Por outro lado, opositores da reforma alertam para um cenário de “improváveis garantias”, principalmente pela ótica da terceirização e da flexibilização das jornadas de trabalho, que segundo eles, pode gerar excessivos contratos de trabalho não cobertos pela CLT (temporários e intermitentes). Isso acarretaria em uma extrema dificuldade para o trabalhador cumprir a exigência mínima de contribuição para então se aposentar.

Nas próximas semanas a pressão social deve subir ainda mais, o que é favorável e torna o debate cada vez mais necessário. Contudo, a proposta de reforma não permite que direitos básicos sejam negociados, como férias remuneradas, seguro-desemprego e 13º salário e ainda prevê multas para quem descumprir com os dispositivos previstos que continuarão sendo fiscalizados pelo Ministério Público do Trabalho e o Ministério do Trabalho.

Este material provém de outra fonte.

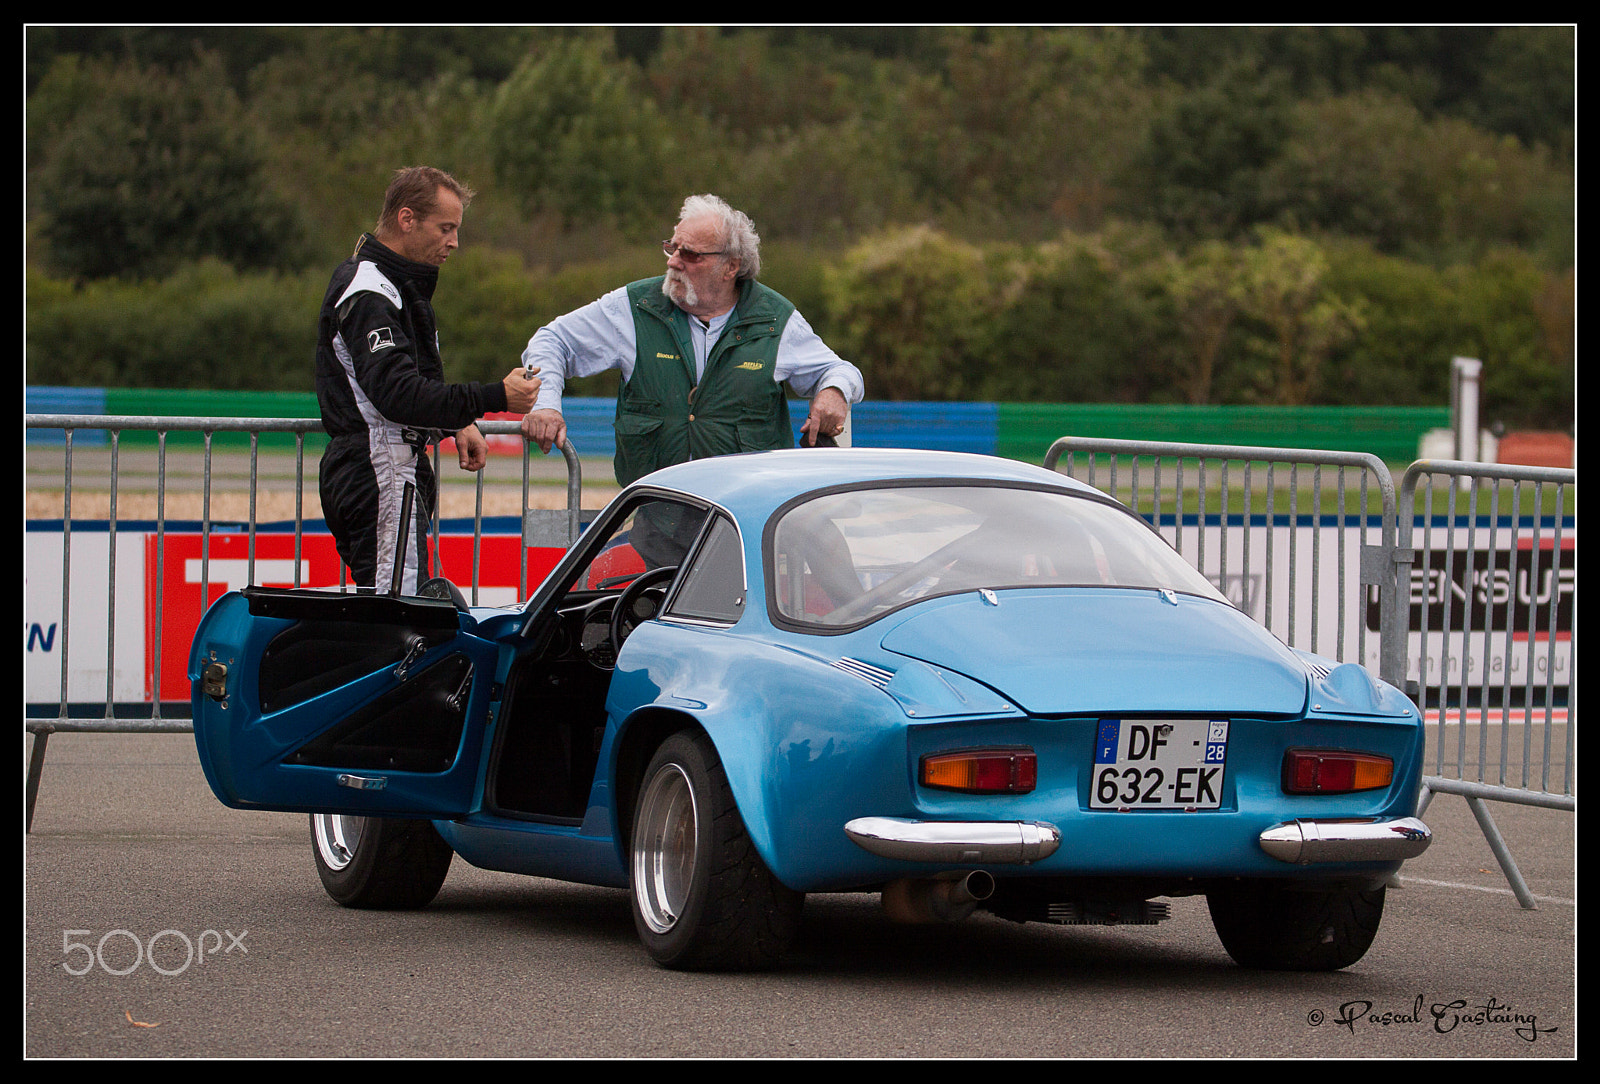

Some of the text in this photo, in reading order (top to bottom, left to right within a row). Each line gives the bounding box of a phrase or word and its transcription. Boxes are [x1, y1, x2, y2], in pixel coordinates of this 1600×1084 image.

O que é a REVISÃO DO FGTS?

Em questionamento jurídico nos últimos anos, a revisão da taxa do FGTS ganhou força após o STF desqualificar a atual forma de calculo da atualização monetária empregada no FGTS (que é feita por Taxa referencial + juros).

Dinheiro do trabalhador

Correção pela TR ocasionou perdas no FGTS de 1999 para cá. Imagem: reprodução Força Sindical

O FGTS é um Fundo criado na década na década de 1960, que recebe 8% do valor do salário do trabalhador e fica aplicado para ser resgatado posteriormente pelo trabalhador conforme legislação. Uma vez depositado pela empresa mensalmente, esse valor ainda incinde a TR (taxa referencial) e juros. Aqui é que está a discussão!

A partir de 1999 para cá, a TR (taxa referencial) se “deteriorou” significativamente, em outras palavras, não acompanhou os demais índices de correção, tampouco compensou a perda pela inflação. Em resumo: prejuízo para o trabalhador.

“Como a correção monetária nada mais é do que a recuperação do poder de compra do dinheiro feito periodicamente, observando o valor da inflação, a correção pela TR não repõe o poder de compra, deixando os valores dos famosos e conhecidos precatórios defasados”, explica o advogado trabalhista Alexsandro Rúdio Broetto.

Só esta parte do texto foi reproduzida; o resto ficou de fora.